Exercise goal: Everything from the line with "this 960×1440 image." to the end of the data is to be retyped exactly, and nothing else.

---*---

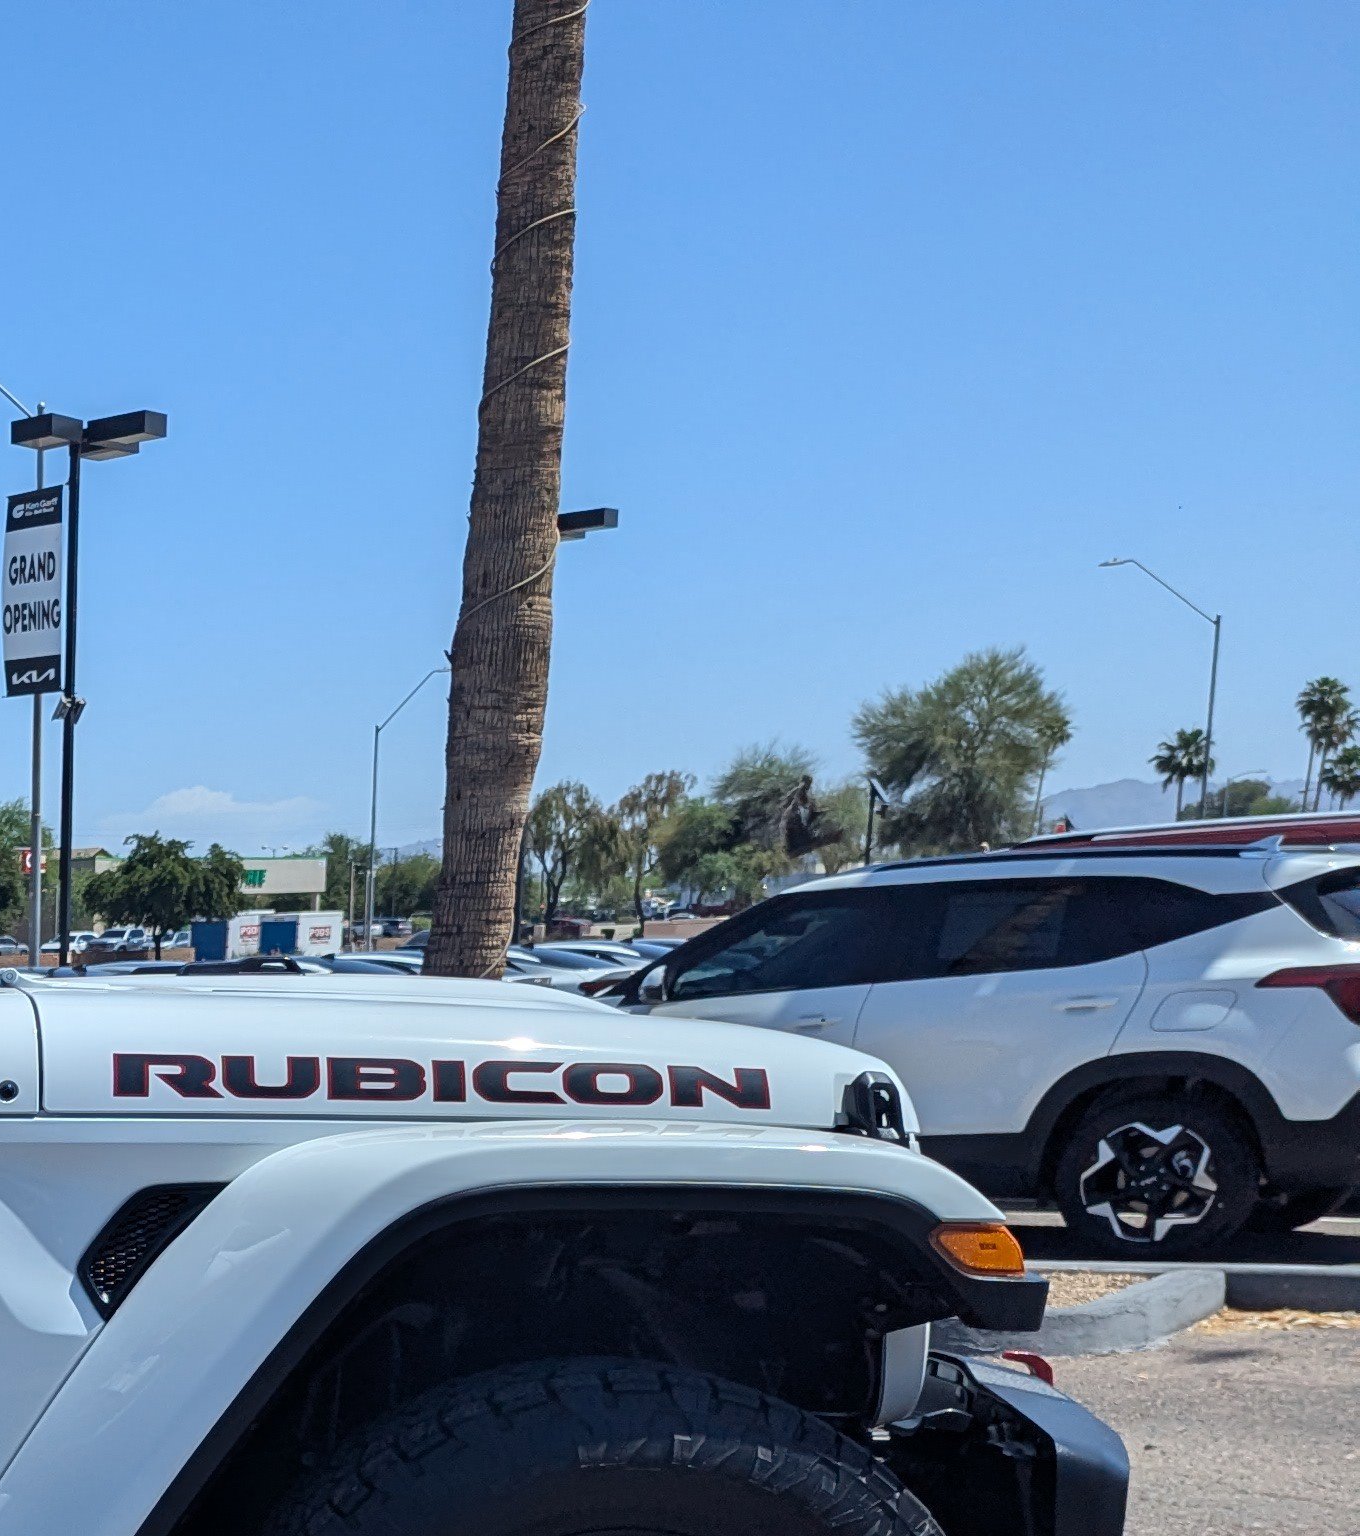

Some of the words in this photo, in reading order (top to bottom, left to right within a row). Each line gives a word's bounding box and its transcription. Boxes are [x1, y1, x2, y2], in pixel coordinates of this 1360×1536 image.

[9, 551, 56, 586] GRAND
[3, 598, 61, 635] OPENING
[11, 667, 56, 685] KIA
[112, 1052, 771, 1110] RUBICON
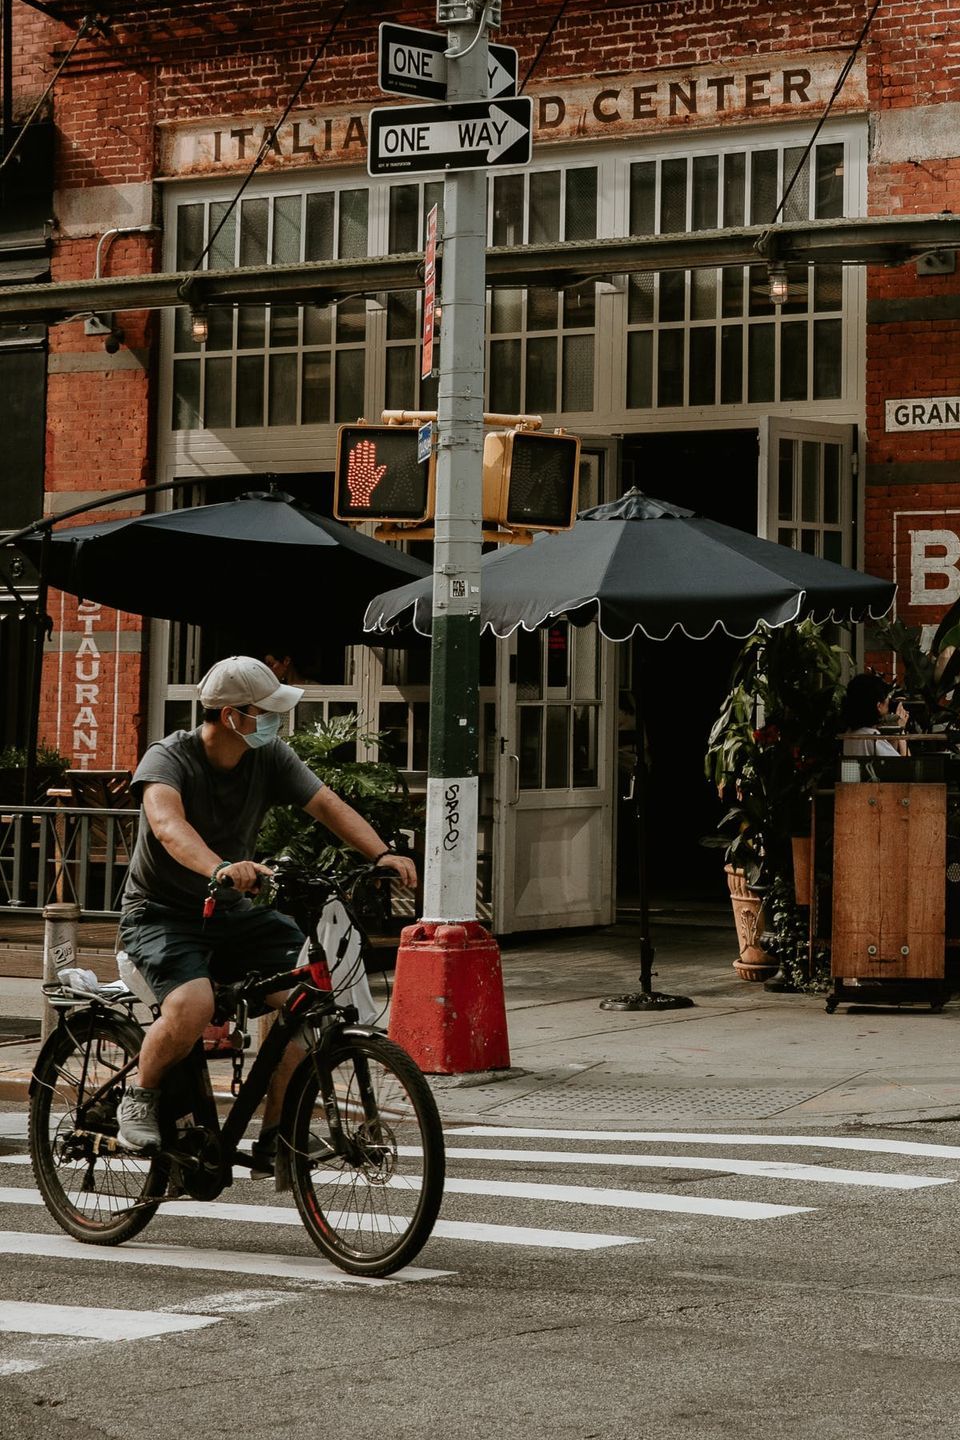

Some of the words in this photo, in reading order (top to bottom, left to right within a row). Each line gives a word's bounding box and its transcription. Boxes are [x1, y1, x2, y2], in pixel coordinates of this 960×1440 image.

[393, 47, 433, 78] ONE
[592, 68, 812, 123] CENTER
[384, 126, 430, 154] ONE
[457, 120, 509, 148] WAY

---*---

Response to this task:
Some of the words in this photo, in reading order (top to bottom, left to right within a row). Each line gives a word's bounding box and its transcription. Boxes are [x1, y1, x2, y2], in pixel coordinates of this 960×1440 image.

[393, 47, 433, 78] ONE
[592, 68, 812, 123] CENTER
[384, 126, 430, 154] ONE
[457, 120, 509, 148] WAY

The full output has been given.